Content starts

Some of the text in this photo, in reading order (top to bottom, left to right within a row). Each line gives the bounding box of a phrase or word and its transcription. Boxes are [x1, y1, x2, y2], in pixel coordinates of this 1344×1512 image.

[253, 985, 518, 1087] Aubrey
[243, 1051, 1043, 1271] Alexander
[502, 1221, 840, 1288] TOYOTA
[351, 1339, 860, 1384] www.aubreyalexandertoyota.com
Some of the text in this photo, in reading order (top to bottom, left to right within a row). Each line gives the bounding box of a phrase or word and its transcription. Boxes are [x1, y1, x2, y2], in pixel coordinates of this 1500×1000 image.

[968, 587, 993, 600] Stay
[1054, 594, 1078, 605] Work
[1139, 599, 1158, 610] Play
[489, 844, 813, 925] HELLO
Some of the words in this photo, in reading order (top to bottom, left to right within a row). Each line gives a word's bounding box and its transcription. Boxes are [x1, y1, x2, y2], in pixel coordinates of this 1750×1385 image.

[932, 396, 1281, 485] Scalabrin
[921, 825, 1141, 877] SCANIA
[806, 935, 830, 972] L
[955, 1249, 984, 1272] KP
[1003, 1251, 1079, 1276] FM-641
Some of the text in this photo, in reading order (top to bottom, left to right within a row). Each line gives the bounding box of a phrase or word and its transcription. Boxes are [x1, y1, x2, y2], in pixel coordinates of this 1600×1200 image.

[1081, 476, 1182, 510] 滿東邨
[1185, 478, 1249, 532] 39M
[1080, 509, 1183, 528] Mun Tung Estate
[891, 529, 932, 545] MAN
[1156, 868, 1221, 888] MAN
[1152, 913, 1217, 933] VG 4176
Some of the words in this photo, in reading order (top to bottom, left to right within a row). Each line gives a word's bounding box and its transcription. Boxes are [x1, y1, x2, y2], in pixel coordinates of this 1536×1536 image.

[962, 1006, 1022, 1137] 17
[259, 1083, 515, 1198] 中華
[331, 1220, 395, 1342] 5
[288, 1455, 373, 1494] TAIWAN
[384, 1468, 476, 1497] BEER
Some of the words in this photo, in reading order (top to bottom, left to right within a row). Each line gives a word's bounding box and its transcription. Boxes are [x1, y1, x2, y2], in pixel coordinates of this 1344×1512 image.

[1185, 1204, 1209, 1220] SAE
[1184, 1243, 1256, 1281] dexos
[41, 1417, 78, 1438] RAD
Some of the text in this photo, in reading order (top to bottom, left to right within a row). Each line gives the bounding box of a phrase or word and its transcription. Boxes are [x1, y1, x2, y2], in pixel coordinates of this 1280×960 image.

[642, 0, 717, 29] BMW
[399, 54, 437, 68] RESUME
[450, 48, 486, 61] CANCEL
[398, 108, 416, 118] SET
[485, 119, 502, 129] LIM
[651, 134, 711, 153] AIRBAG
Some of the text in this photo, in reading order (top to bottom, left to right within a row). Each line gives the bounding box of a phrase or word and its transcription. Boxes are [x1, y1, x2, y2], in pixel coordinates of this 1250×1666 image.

Content ends

### Exercise instructions
Retype the records in full. Keep every line identical to the original.

### Output for this exercise
Some of the text in this photo, in reading order (top to bottom, left to right within a row). Each line gives the bounding box of a phrase or word and its transcription. Boxes are [x1, y1, x2, y2], in pixel coordinates of this 1344×1512 image.

[253, 985, 518, 1087] Aubrey
[243, 1051, 1043, 1271] Alexander
[502, 1221, 840, 1288] TOYOTA
[351, 1339, 860, 1384] www.aubreyalexandertoyota.com
Some of the text in this photo, in reading order (top to bottom, left to right within a row). Each line gives the bounding box of a phrase or word and its transcription. Boxes are [x1, y1, x2, y2], in pixel coordinates of this 1500×1000 image.

[968, 587, 993, 600] Stay
[1054, 594, 1078, 605] Work
[1139, 599, 1158, 610] Play
[489, 844, 813, 925] HELLO
Some of the words in this photo, in reading order (top to bottom, left to right within a row). Each line gives a word's bounding box and its transcription. Boxes are [x1, y1, x2, y2], in pixel coordinates of this 1750×1385 image.

[932, 396, 1281, 485] Scalabrin
[921, 825, 1141, 877] SCANIA
[806, 935, 830, 972] L
[955, 1249, 984, 1272] KP
[1003, 1251, 1079, 1276] FM-641
Some of the text in this photo, in reading order (top to bottom, left to right within a row). Each line gives the bounding box of a phrase or word and its transcription. Boxes are [x1, y1, x2, y2], in pixel coordinates of this 1600×1200 image.

[1081, 476, 1182, 510] 滿東邨
[1185, 478, 1249, 532] 39M
[1080, 509, 1183, 528] Mun Tung Estate
[891, 529, 932, 545] MAN
[1156, 868, 1221, 888] MAN
[1152, 913, 1217, 933] VG 4176
Some of the words in this photo, in reading order (top to bottom, left to right within a row). Each line gives a word's bounding box and its transcription. Boxes are [x1, y1, x2, y2], in pixel coordinates of this 1536×1536 image.

[962, 1006, 1022, 1137] 17
[259, 1083, 515, 1198] 中華
[331, 1220, 395, 1342] 5
[288, 1455, 373, 1494] TAIWAN
[384, 1468, 476, 1497] BEER
Some of the words in this photo, in reading order (top to bottom, left to right within a row). Each line gives a word's bounding box and its transcription. Boxes are [x1, y1, x2, y2], in pixel coordinates of this 1344×1512 image.

[1185, 1204, 1209, 1220] SAE
[1184, 1243, 1256, 1281] dexos
[41, 1417, 78, 1438] RAD
Some of the text in this photo, in reading order (top to bottom, left to right within a row). Each line gives the bounding box of a phrase or word and its transcription. Boxes are [x1, y1, x2, y2], in pixel coordinates of this 1280×960 image.

[642, 0, 717, 29] BMW
[399, 54, 437, 68] RESUME
[450, 48, 486, 61] CANCEL
[398, 108, 416, 118] SET
[485, 119, 502, 129] LIM
[651, 134, 711, 153] AIRBAG
Some of the text in this photo, in reading order (top to bottom, left to right within a row). Each line gives the bounding box of a phrase or word and its transcription. Boxes are [x1, y1, x2, y2], in pixel coordinates of this 1250×1666 image.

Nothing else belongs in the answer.